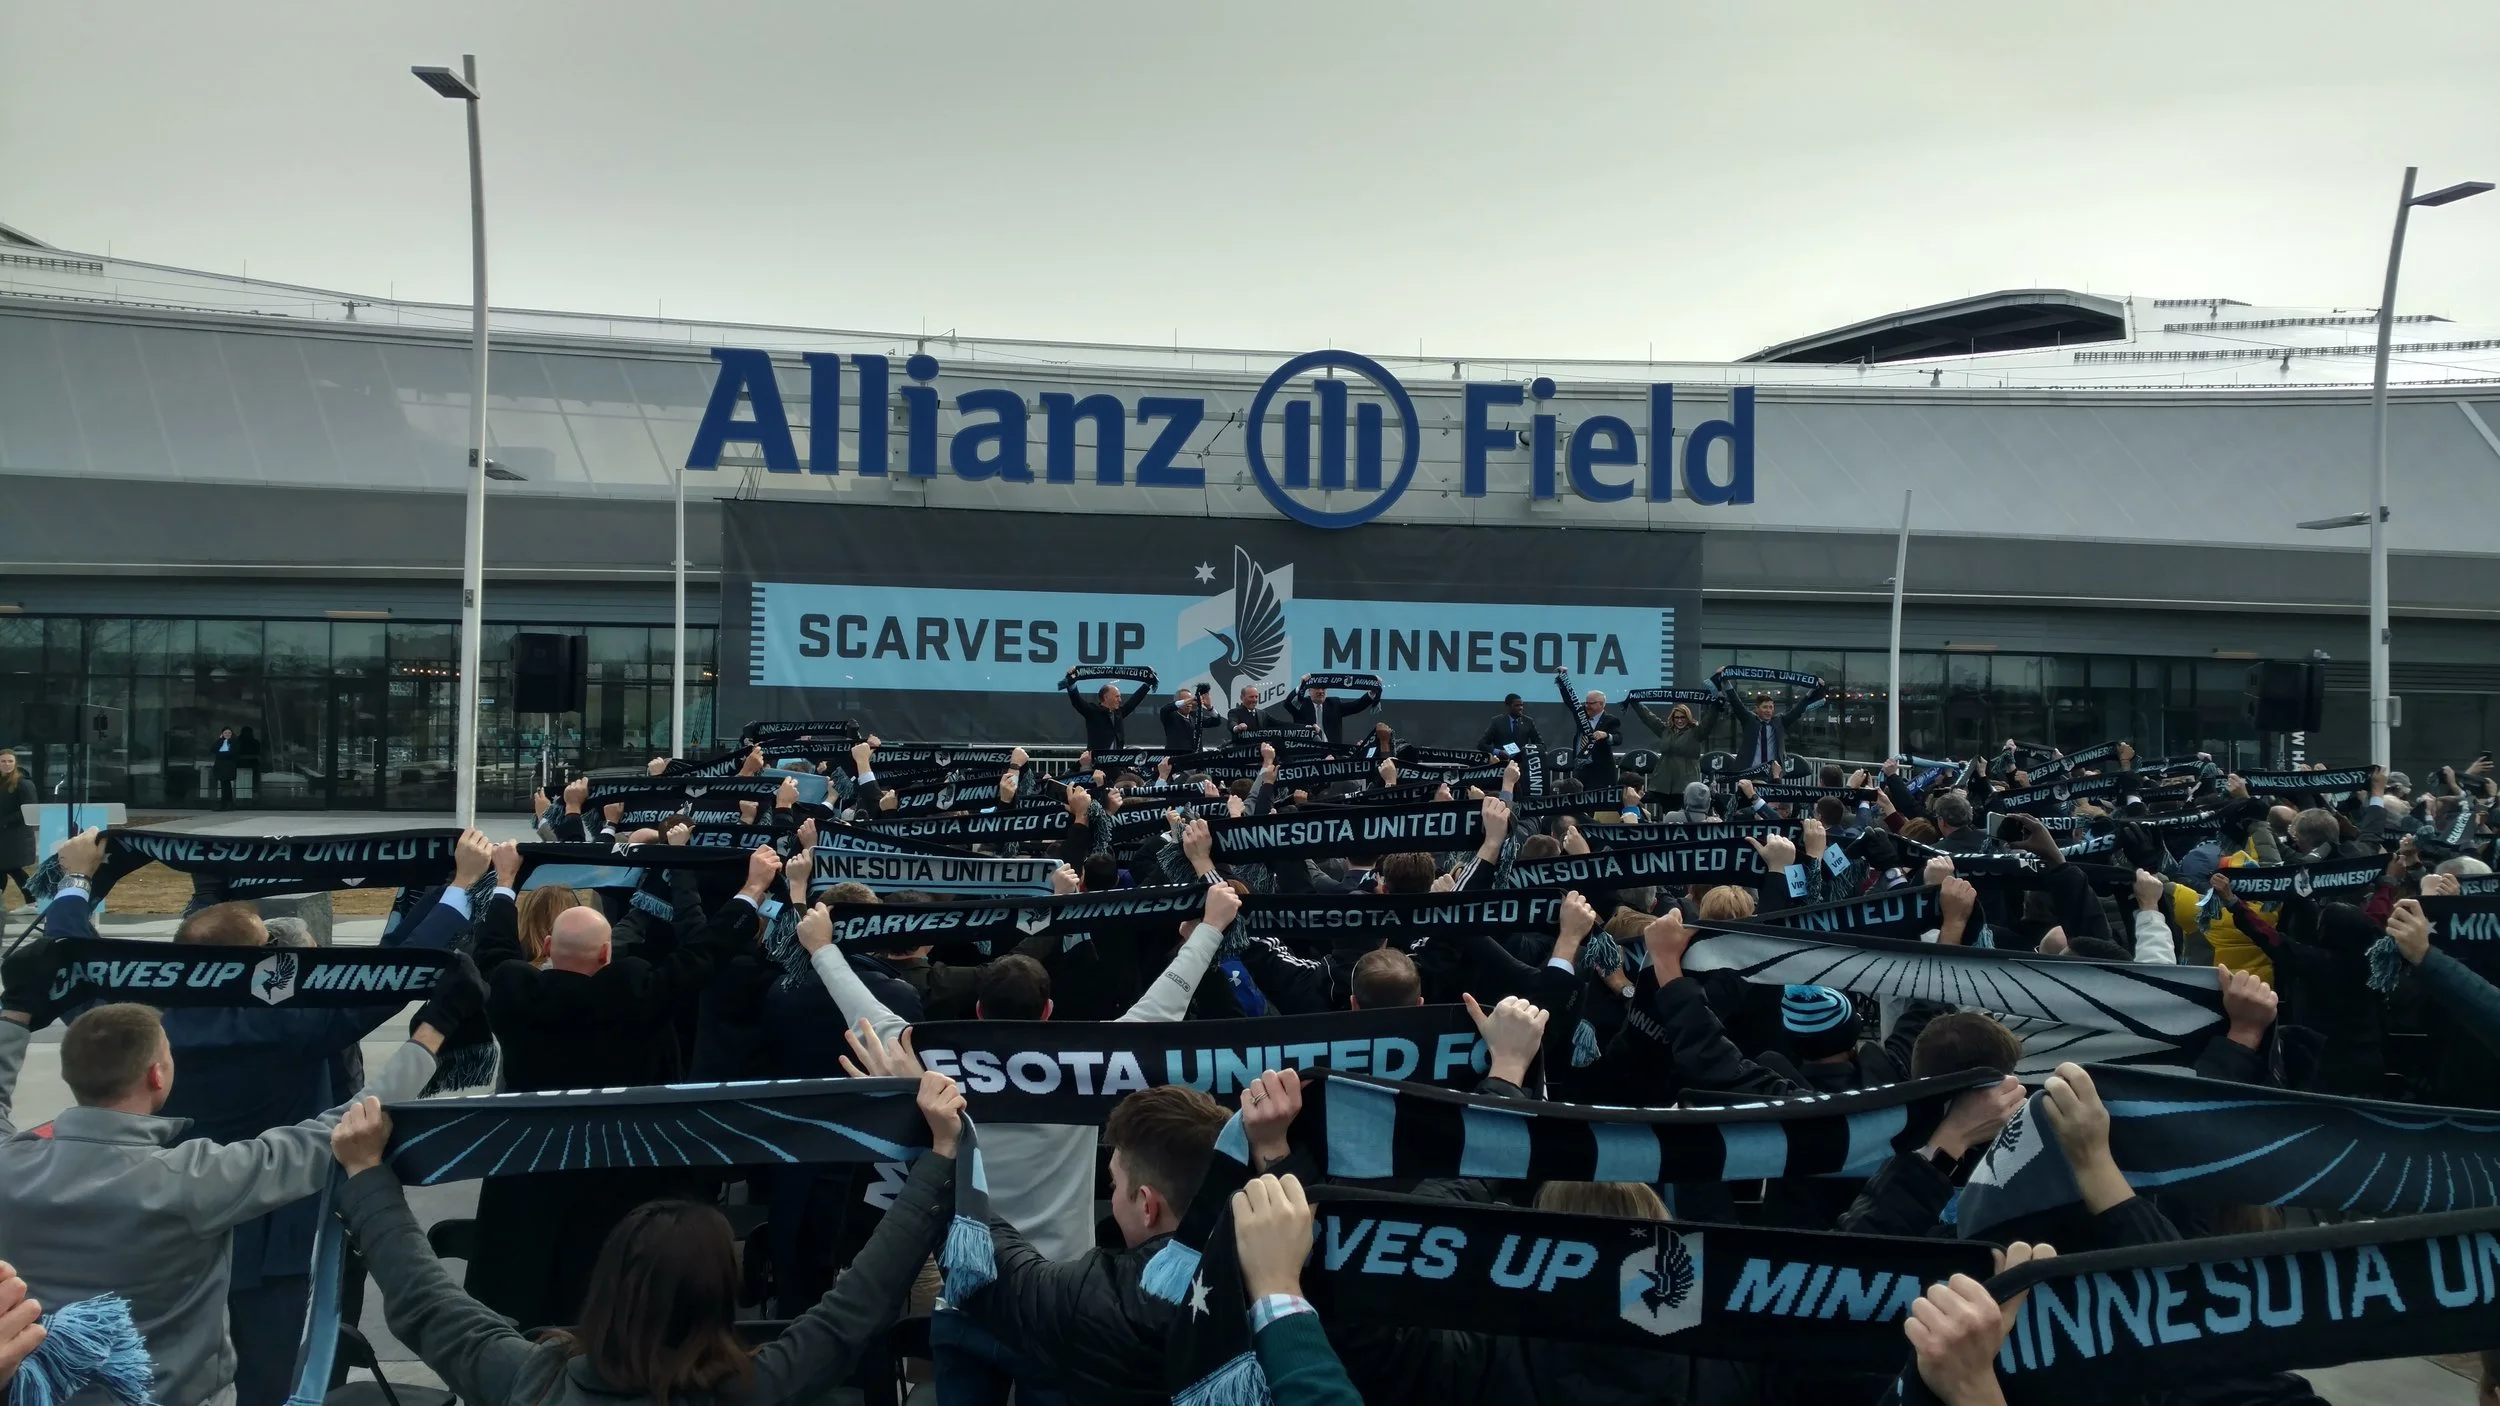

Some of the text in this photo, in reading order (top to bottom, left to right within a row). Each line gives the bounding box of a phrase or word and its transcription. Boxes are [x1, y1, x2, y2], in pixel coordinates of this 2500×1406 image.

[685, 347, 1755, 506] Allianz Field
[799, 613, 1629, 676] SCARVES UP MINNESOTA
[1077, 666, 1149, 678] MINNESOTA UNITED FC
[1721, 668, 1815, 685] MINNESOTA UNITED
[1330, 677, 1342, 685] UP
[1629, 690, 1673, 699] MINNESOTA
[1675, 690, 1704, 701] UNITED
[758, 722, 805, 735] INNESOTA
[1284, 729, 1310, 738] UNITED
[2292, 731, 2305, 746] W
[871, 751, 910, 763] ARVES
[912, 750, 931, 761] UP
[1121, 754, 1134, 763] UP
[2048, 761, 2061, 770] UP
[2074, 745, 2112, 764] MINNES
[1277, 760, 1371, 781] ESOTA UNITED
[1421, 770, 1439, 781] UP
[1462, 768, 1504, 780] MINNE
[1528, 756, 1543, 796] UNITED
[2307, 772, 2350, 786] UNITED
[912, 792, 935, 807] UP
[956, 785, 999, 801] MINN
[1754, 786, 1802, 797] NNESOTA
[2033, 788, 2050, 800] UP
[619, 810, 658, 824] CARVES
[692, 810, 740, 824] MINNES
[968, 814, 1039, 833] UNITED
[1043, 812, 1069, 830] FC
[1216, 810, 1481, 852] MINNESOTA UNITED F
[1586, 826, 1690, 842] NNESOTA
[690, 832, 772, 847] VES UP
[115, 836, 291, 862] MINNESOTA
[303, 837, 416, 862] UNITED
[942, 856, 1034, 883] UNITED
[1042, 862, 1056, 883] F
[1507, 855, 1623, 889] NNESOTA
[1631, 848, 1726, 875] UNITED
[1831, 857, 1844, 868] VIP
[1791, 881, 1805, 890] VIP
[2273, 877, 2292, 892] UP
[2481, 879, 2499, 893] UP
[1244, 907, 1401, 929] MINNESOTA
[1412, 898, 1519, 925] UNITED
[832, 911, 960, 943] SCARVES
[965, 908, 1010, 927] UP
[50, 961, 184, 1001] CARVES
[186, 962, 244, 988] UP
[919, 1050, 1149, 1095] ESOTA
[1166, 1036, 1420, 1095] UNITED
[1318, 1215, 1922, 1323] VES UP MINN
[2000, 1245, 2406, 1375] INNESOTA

==

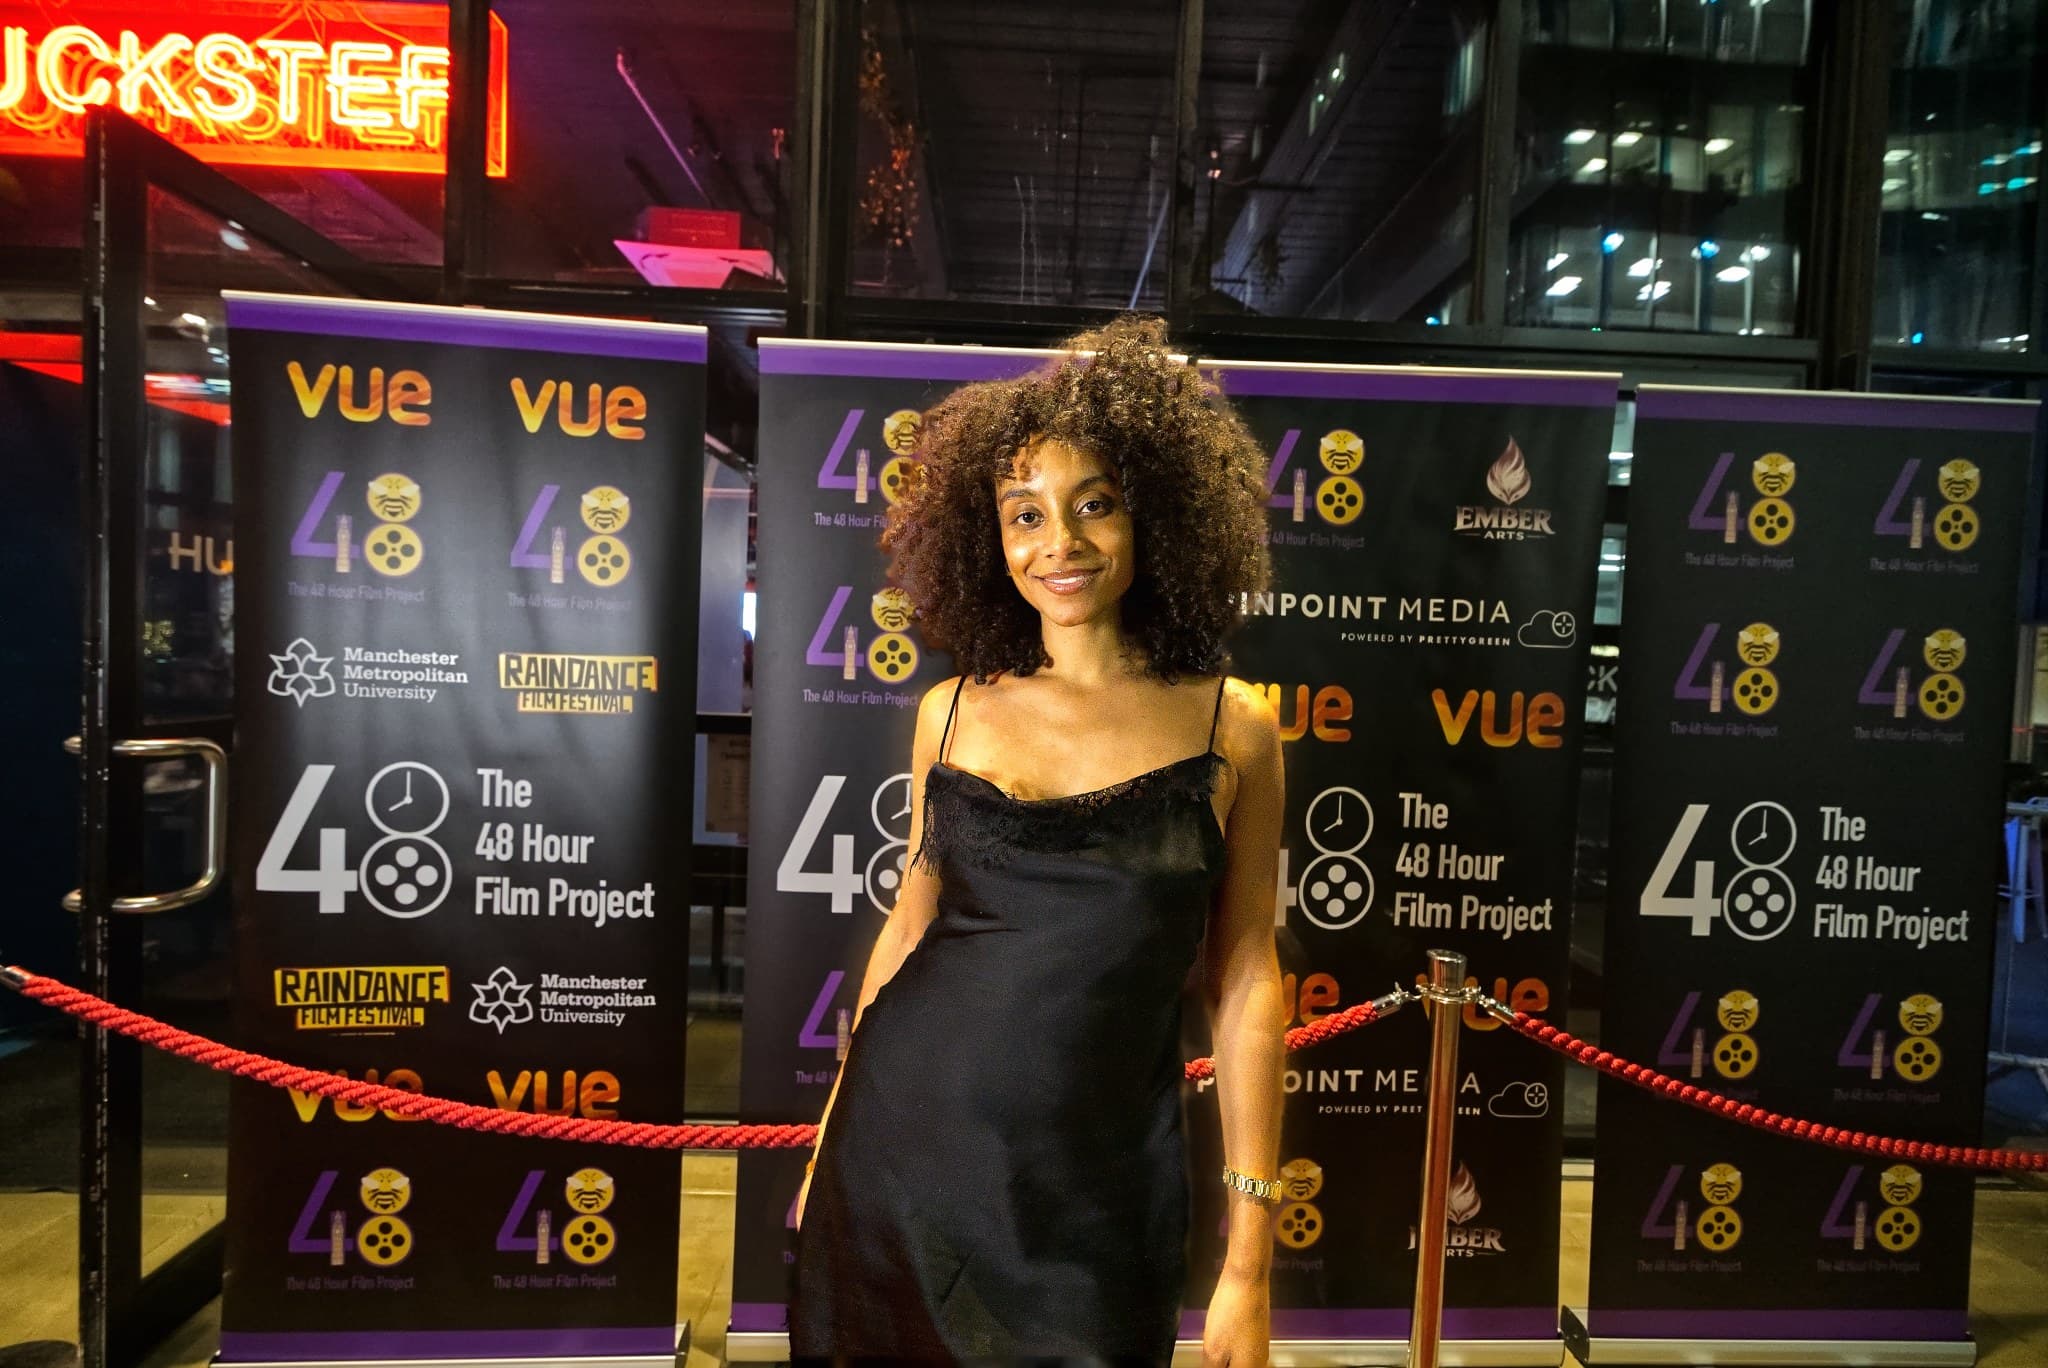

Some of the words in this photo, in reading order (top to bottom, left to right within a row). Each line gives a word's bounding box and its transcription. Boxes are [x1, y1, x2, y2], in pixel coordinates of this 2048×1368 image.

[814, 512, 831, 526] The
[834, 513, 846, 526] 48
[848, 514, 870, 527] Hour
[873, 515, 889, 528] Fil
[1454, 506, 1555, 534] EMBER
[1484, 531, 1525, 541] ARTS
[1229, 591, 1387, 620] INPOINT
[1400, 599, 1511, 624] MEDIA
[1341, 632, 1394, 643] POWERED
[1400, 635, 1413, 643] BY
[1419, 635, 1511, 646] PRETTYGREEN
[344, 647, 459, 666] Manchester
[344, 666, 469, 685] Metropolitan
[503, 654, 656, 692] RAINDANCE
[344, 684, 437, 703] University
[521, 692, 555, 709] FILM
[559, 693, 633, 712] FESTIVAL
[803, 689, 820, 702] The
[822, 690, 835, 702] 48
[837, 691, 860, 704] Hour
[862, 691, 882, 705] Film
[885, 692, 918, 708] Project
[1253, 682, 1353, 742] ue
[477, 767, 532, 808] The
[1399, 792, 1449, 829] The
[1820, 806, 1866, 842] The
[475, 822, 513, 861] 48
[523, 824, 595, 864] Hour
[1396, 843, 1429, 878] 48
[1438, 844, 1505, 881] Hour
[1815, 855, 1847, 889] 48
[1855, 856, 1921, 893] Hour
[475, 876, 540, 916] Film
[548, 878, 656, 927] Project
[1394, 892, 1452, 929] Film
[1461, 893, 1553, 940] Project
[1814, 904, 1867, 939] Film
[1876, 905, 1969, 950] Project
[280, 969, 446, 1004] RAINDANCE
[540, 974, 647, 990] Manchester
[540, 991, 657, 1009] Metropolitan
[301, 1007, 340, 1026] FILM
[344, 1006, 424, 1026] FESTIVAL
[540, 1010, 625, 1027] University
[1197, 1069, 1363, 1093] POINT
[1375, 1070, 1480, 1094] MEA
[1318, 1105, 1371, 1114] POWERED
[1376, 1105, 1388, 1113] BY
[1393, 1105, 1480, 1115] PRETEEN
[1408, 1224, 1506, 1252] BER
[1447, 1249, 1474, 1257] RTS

◆ YOUR ASSIGNMENT
Give the number of lines in the data above that include the word "Manchester", with no other words.

◆ PROBLEM SOLUTION
2